- _AIM OF THE EXERCISE_
Starting with the line that contains "this 1875×1250 image.", reproduce each line through the end of the entries exactly as written.
STUDY MATERIAL Block Start
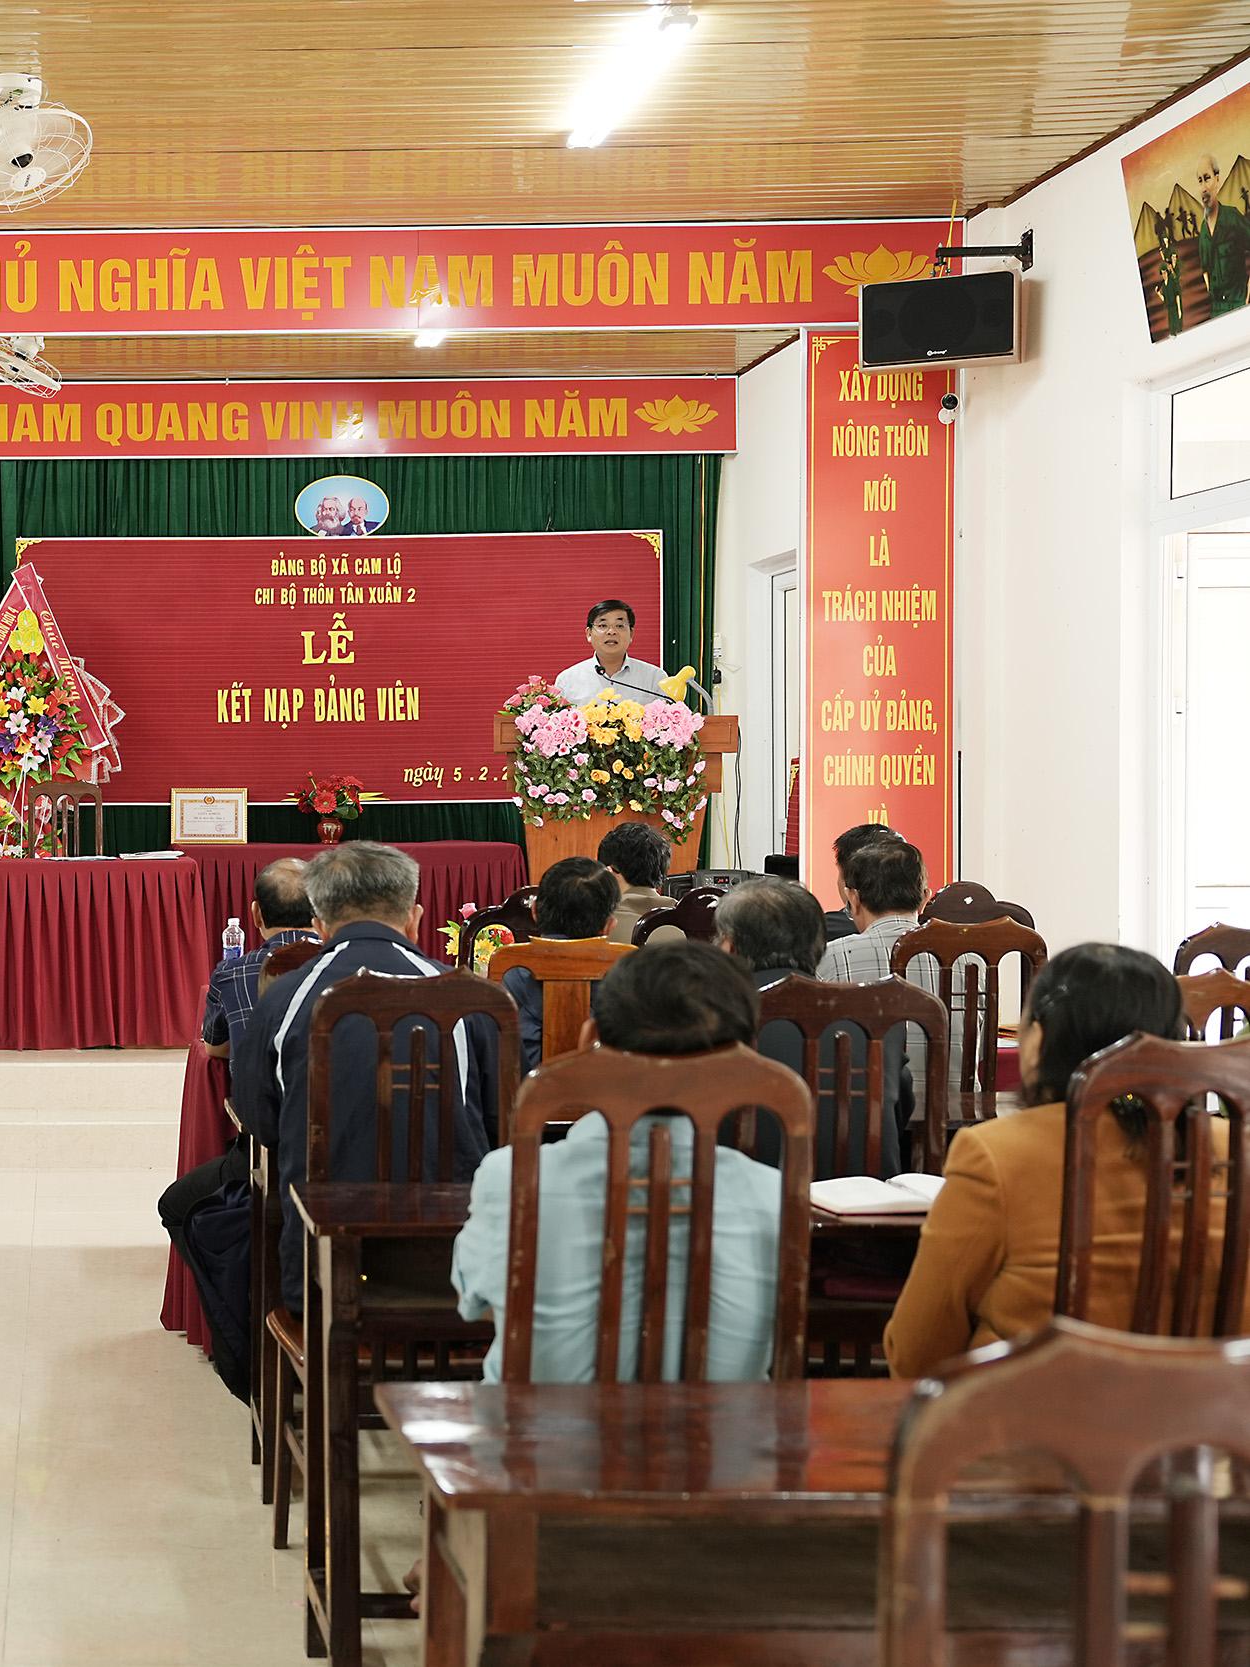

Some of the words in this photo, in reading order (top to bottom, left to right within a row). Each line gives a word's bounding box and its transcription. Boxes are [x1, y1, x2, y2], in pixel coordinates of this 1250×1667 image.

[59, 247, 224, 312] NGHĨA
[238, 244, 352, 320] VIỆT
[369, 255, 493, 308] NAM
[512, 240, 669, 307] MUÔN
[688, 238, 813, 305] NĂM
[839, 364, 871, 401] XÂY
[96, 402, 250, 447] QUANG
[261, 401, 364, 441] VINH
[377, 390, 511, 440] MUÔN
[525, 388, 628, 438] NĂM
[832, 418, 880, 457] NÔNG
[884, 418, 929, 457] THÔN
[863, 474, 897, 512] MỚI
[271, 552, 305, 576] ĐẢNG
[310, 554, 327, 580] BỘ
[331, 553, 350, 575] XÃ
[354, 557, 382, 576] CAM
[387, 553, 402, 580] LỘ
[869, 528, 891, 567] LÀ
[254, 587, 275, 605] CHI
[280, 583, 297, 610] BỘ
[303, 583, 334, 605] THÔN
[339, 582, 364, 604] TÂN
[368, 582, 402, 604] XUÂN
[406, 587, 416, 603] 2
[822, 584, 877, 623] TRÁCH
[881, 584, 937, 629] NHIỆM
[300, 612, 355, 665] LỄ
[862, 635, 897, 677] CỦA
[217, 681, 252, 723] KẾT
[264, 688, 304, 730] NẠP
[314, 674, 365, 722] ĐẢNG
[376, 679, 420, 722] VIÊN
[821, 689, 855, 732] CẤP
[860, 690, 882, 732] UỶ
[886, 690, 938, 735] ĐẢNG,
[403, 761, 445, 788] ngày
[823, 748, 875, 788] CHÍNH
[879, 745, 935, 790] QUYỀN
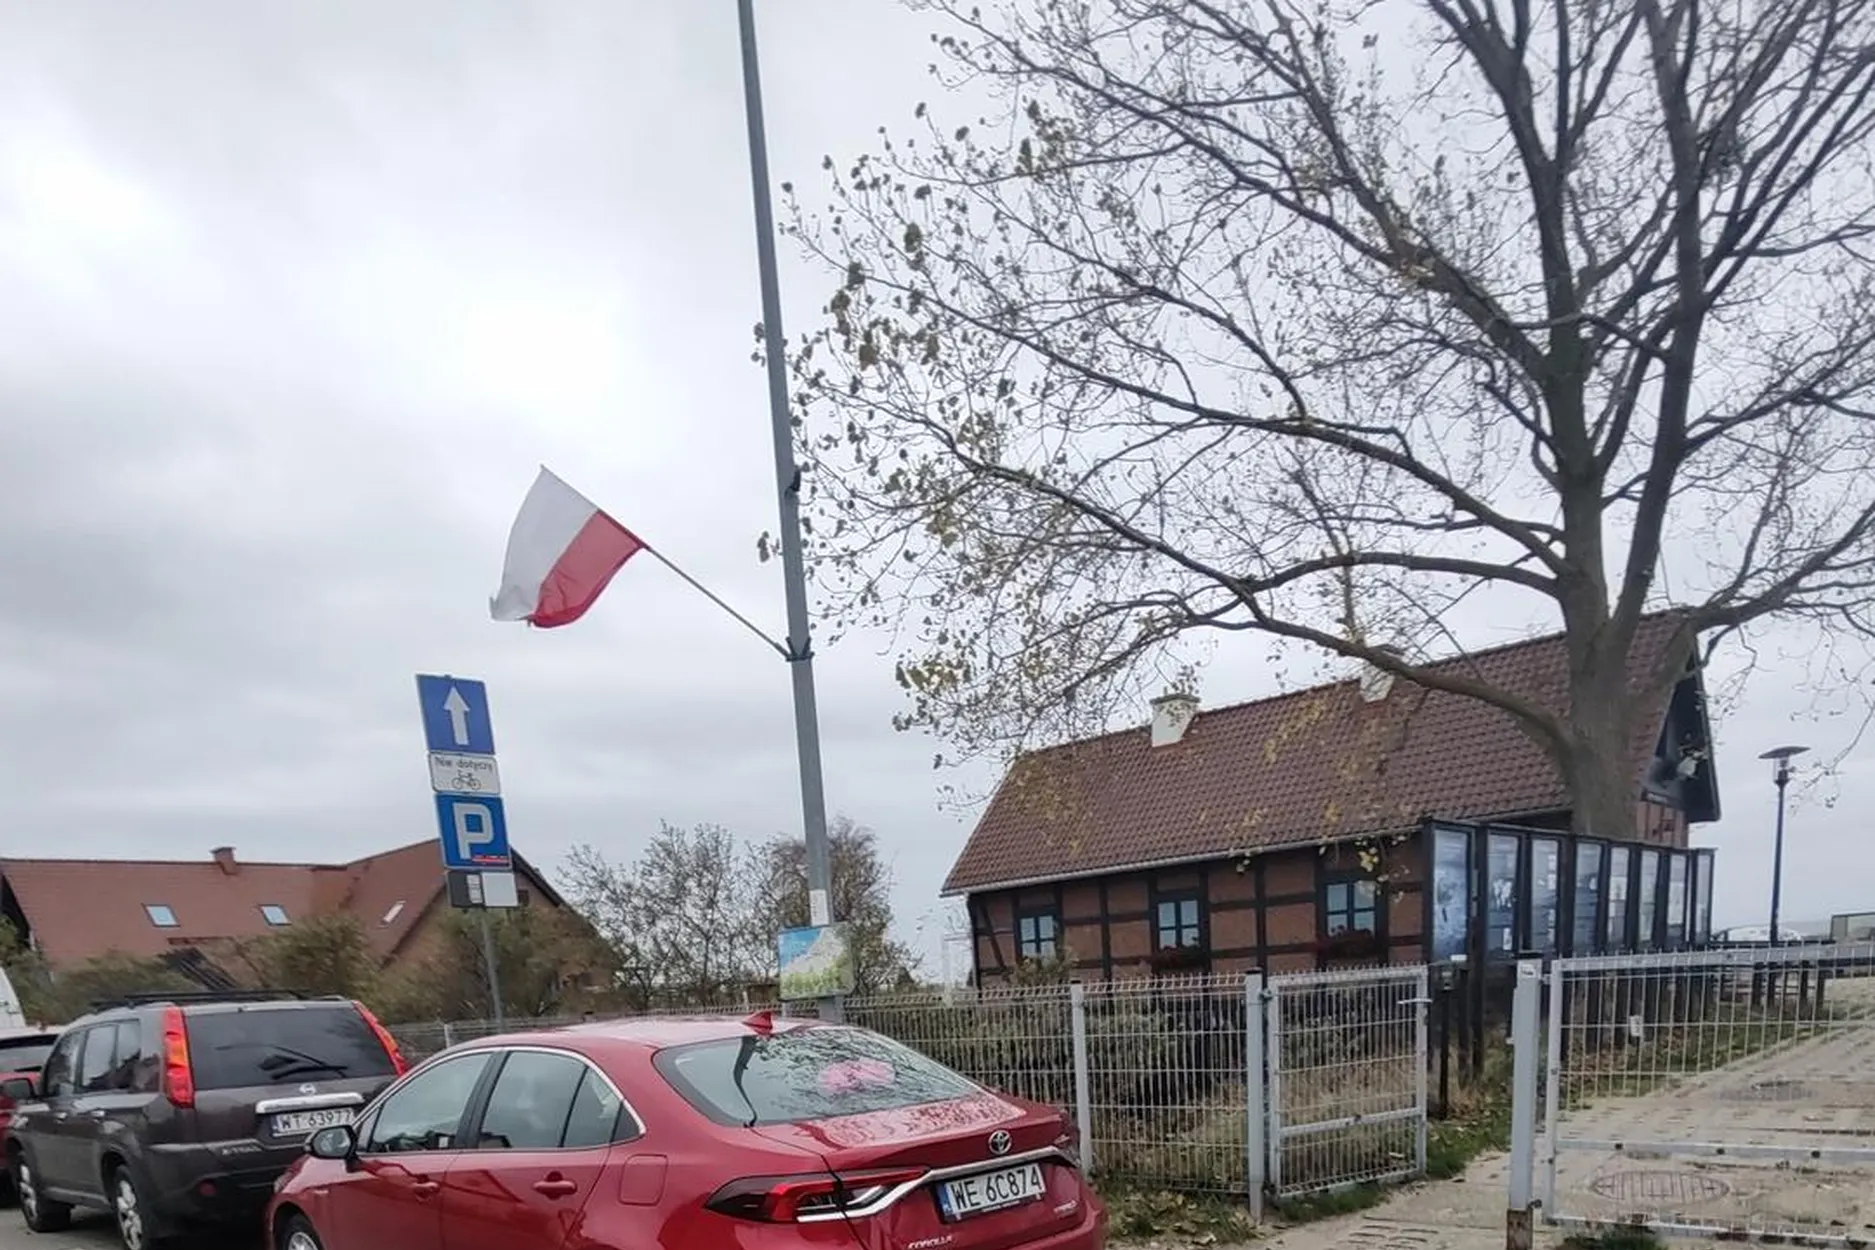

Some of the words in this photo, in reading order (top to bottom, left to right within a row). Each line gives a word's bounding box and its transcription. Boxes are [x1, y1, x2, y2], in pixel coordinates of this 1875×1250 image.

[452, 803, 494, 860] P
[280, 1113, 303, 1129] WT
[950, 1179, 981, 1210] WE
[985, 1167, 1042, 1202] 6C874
STUDY MATERIAL Block End
- _TASK RESULT_
Some of the words in this photo, in reading order (top to bottom, left to right within a row). Each line gives a word's bounding box and its transcription. Boxes are [x1, y1, x2, y2], in pixel coordinates of this 1875×1250 image.

[452, 803, 494, 860] P
[280, 1113, 303, 1129] WT
[950, 1179, 981, 1210] WE
[985, 1167, 1042, 1202] 6C874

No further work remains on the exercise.